▶ [What you are asked to do]: Leave the images aside and repeat the whole listing exactly.

= = = =

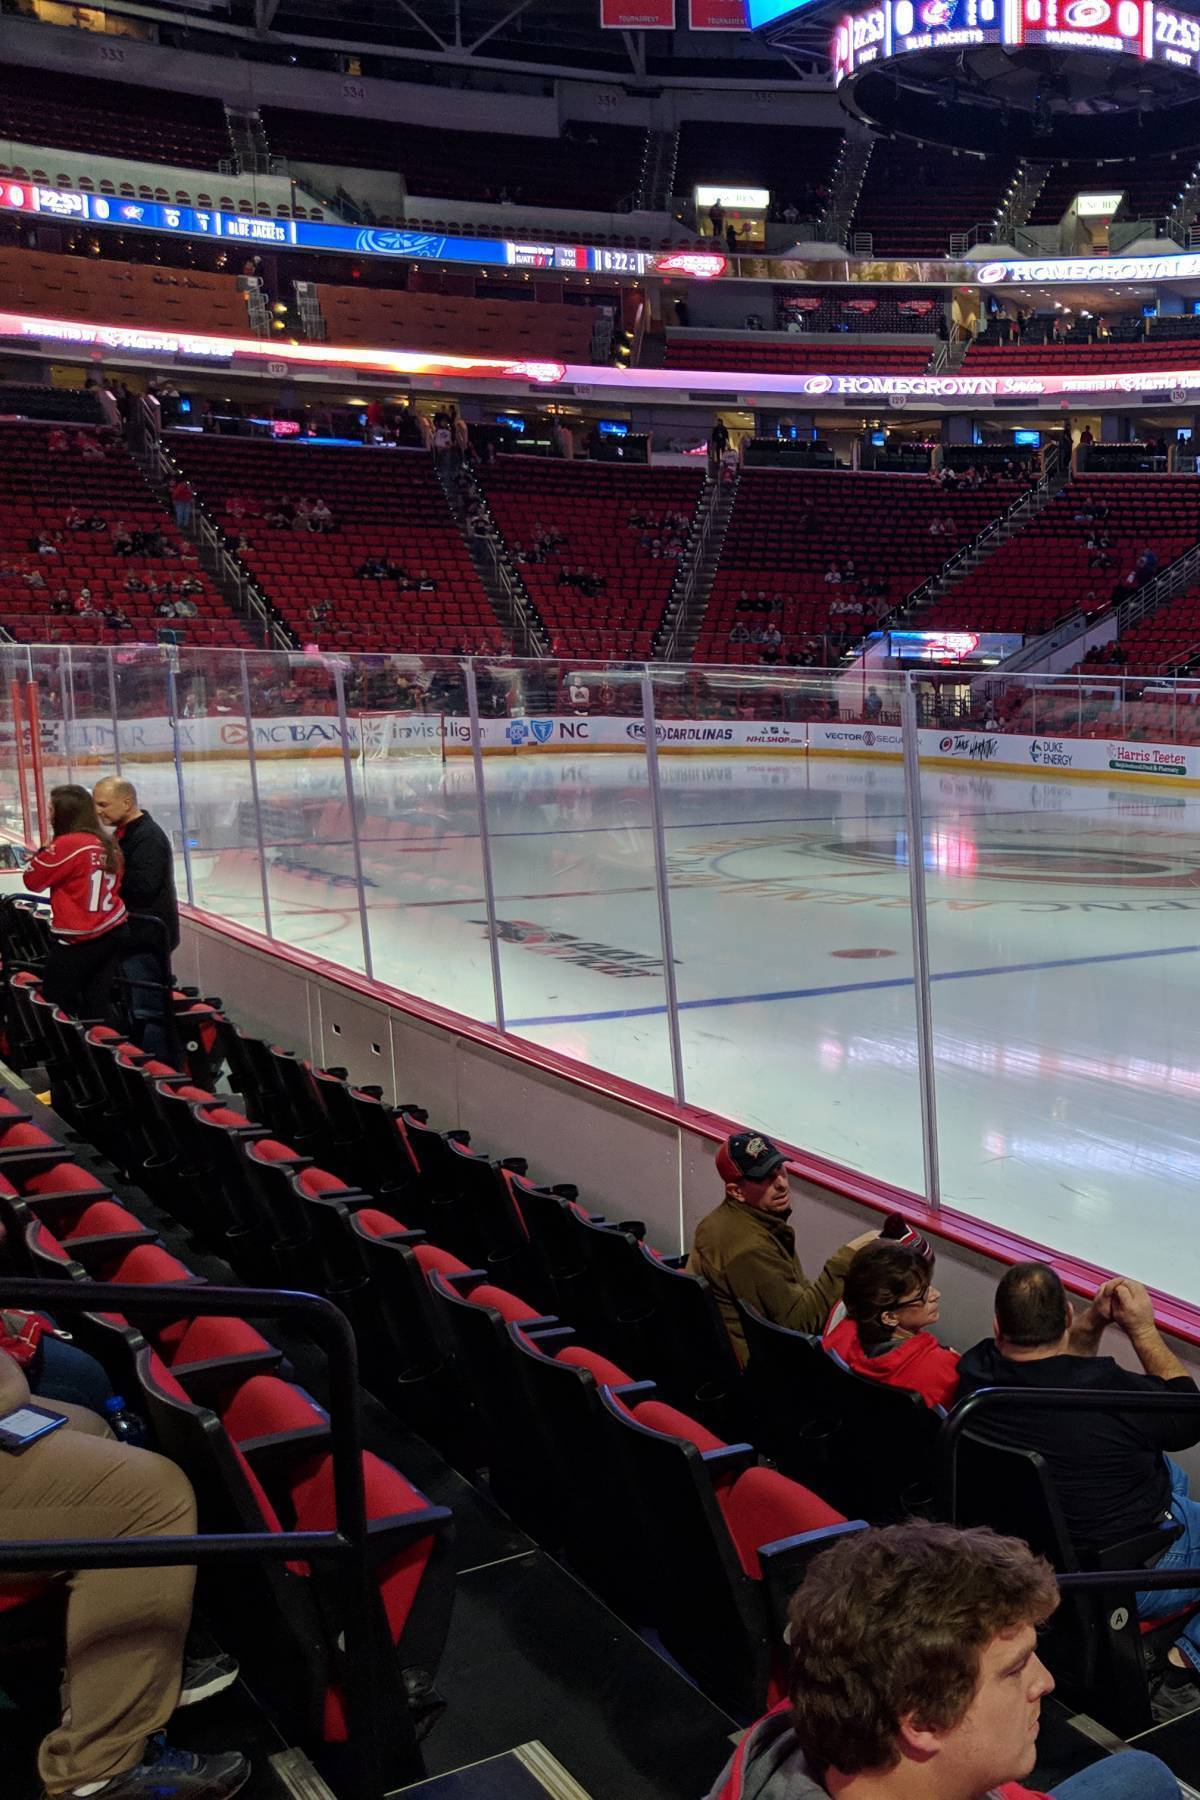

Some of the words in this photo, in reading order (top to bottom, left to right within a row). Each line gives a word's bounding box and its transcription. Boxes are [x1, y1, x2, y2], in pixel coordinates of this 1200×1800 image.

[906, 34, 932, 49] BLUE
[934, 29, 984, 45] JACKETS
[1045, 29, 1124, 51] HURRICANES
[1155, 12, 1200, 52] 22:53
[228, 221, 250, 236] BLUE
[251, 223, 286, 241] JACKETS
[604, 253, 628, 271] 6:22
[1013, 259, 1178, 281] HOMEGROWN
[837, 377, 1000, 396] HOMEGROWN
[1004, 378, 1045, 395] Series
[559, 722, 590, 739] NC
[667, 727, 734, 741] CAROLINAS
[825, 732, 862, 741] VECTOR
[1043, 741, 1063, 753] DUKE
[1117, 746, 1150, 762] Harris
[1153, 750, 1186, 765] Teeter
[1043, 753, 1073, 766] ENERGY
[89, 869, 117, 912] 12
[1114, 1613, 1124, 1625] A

= = = =

▶ [Output of the task]:
Some of the words in this photo, in reading order (top to bottom, left to right within a row). Each line gives a word's bounding box and its transcription. Boxes are [x1, y1, x2, y2], in pixel coordinates of this 1200×1800 image.

[906, 34, 932, 49] BLUE
[934, 29, 984, 45] JACKETS
[1045, 29, 1124, 51] HURRICANES
[1155, 12, 1200, 52] 22:53
[228, 221, 250, 236] BLUE
[251, 223, 286, 241] JACKETS
[604, 253, 628, 271] 6:22
[1013, 259, 1178, 281] HOMEGROWN
[837, 377, 1000, 396] HOMEGROWN
[1004, 378, 1045, 395] Series
[559, 722, 590, 739] NC
[667, 727, 734, 741] CAROLINAS
[825, 732, 862, 741] VECTOR
[1043, 741, 1063, 753] DUKE
[1117, 746, 1150, 762] Harris
[1153, 750, 1186, 765] Teeter
[1043, 753, 1073, 766] ENERGY
[89, 869, 117, 912] 12
[1114, 1613, 1124, 1625] A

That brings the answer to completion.